Similarly, meta-analysis study (Packer 2018) described zero incidence of asymptomatic anterior subcapsular cataract formation. Other analysis indicates that Karandikar et al. [18] (2015), Bhandari et al. (2016), Rizk et al. [19] (2019) and Sachdev et al. [20] (2019) reported only in one eye had revealed cataract formation. This complication mainly occurred in 9 months, one year or two years post-op followup periods. One of other complications is uncorrected or over corrected rotation of the pIOL. Rotation of lens more than 30° was reported in several studies (Karandikar et al. 2015; Bhandari et al. 2016; Ganesh et al. 2017; Pjano et al. 2017 and Kamiya et al. 2018). This event required re-rotation or lens exchange surgery. A comparative study of rotational stability between spheric and toric models of ICL concluded that both lenses have similar rotational stability (3.39° versus 4.17°, respectively; Hyun et al. 2017) [21].
In this study, we investigated first 112 eyes in which were implanted VICM5 (58 eyes) spheric ICL and VTICM5 (54 eyes) toric ICL models to patients with high myopia and myopic astigmatism in Uzbekistan. The main privilege of these lenses are expended optic size. The optic size in V4c is ranges from 4.9 to 5.8 mm. EVO+ new ICL VICM5 and toric ICL VTICM5 models optic size range from 5.0 to 6.1 mm.
In this study, we found any significant difference after implantation of this lens. Patients have satisfied results and significantly have decreased halo and glare visual complaints at nighttime.
Conclusion
In summary, initial results of our study indicate that implantation of VICM5 spheric and VTICM5 toric ICL new models with expanded optic size is safe, effective and provides predictable and stable refractive results in the correction of eyes with high myopia and myopic astigmatism. In our opinion, the lens design with expanded optic size and with central hole significantly decreases of complaints on nighttime such as halo and glare. Also adequate patient selection, accurate measurement of all parameters that are required to calculate spheric and toric ICL size and power are all extremely important to achieve good postoperative results in follow-up period.
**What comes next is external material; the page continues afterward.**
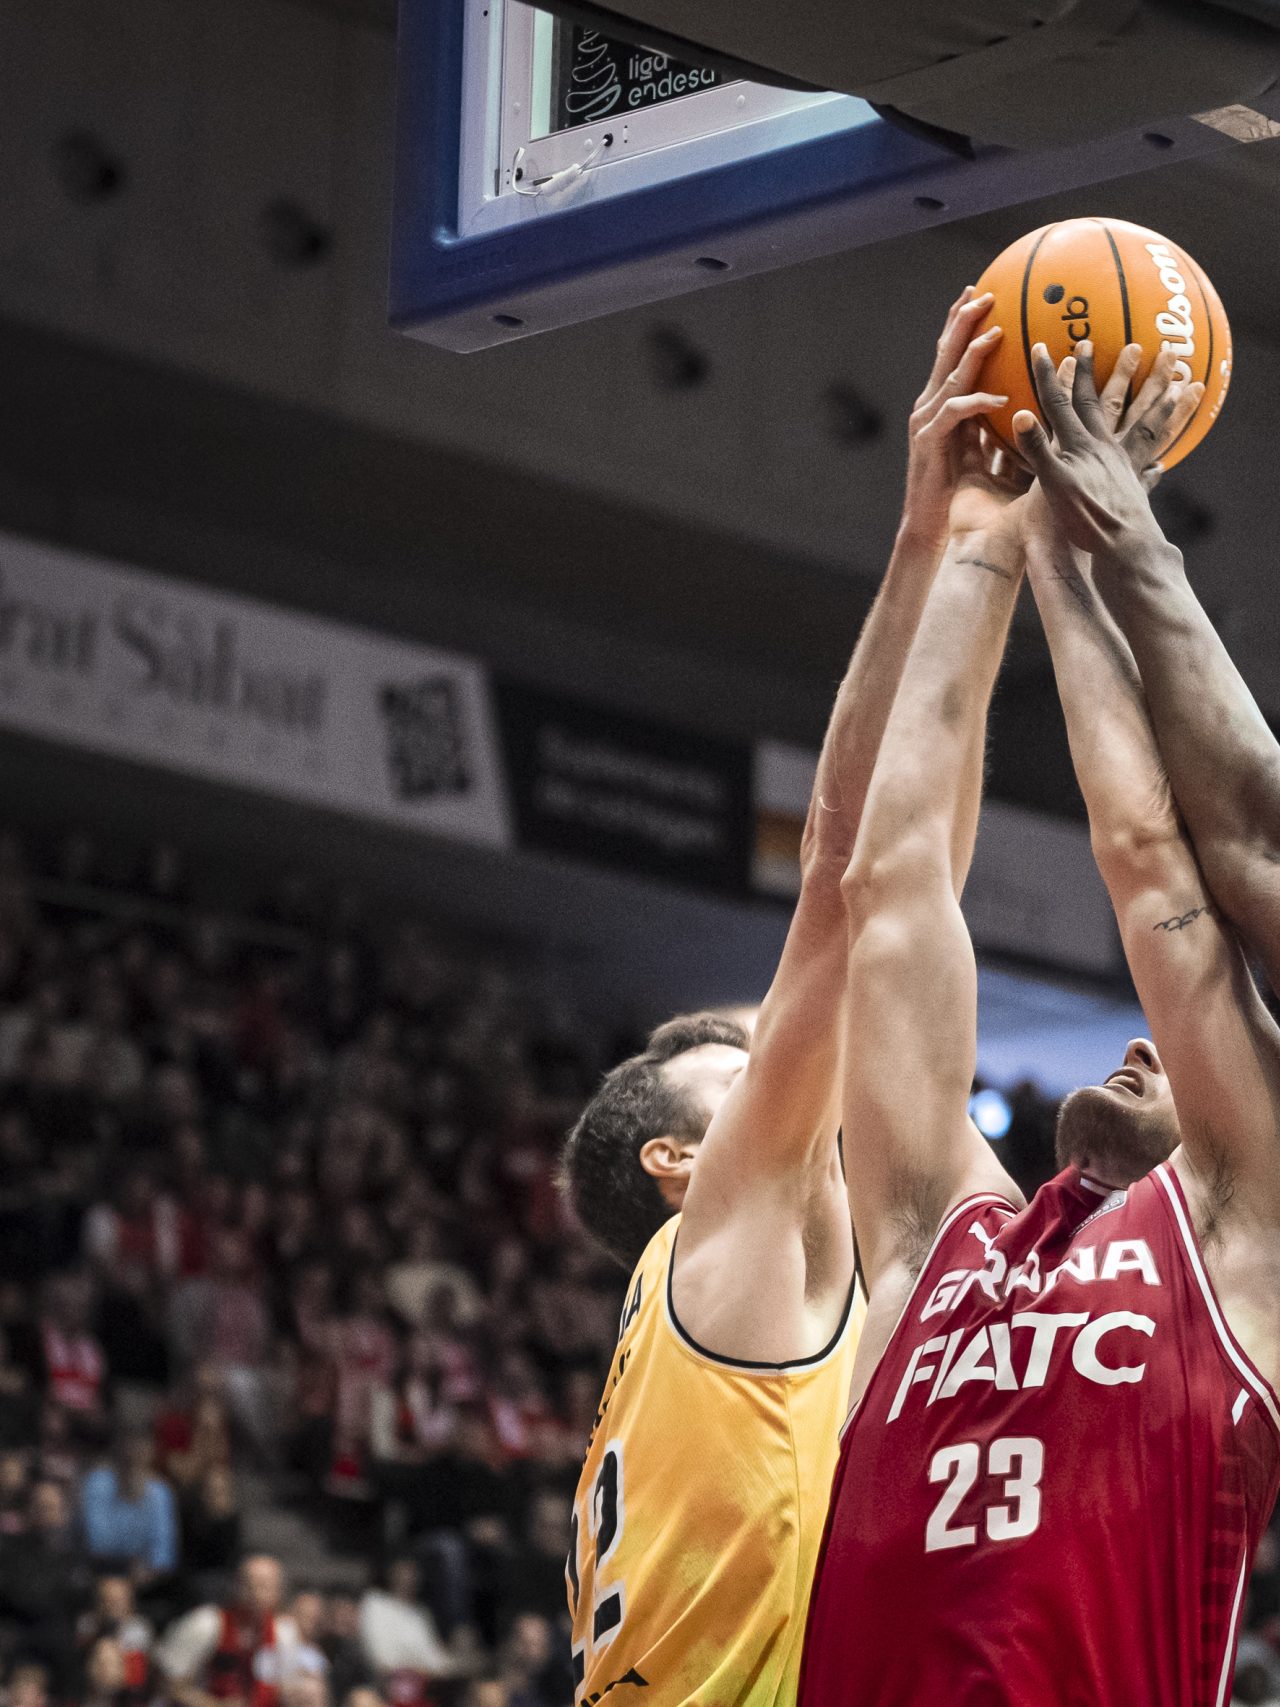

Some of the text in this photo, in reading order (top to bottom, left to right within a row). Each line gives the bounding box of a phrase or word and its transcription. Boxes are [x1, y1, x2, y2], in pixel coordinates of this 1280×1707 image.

Patient with spheric and toric refraction would get high visual performance and had increased quality of life during short and long post-op period time. We believe and recommend that this procedure is alternative and safe method to patients who has high refractive errors and requires more investigations for long follow-up period after implantation of both ICL models.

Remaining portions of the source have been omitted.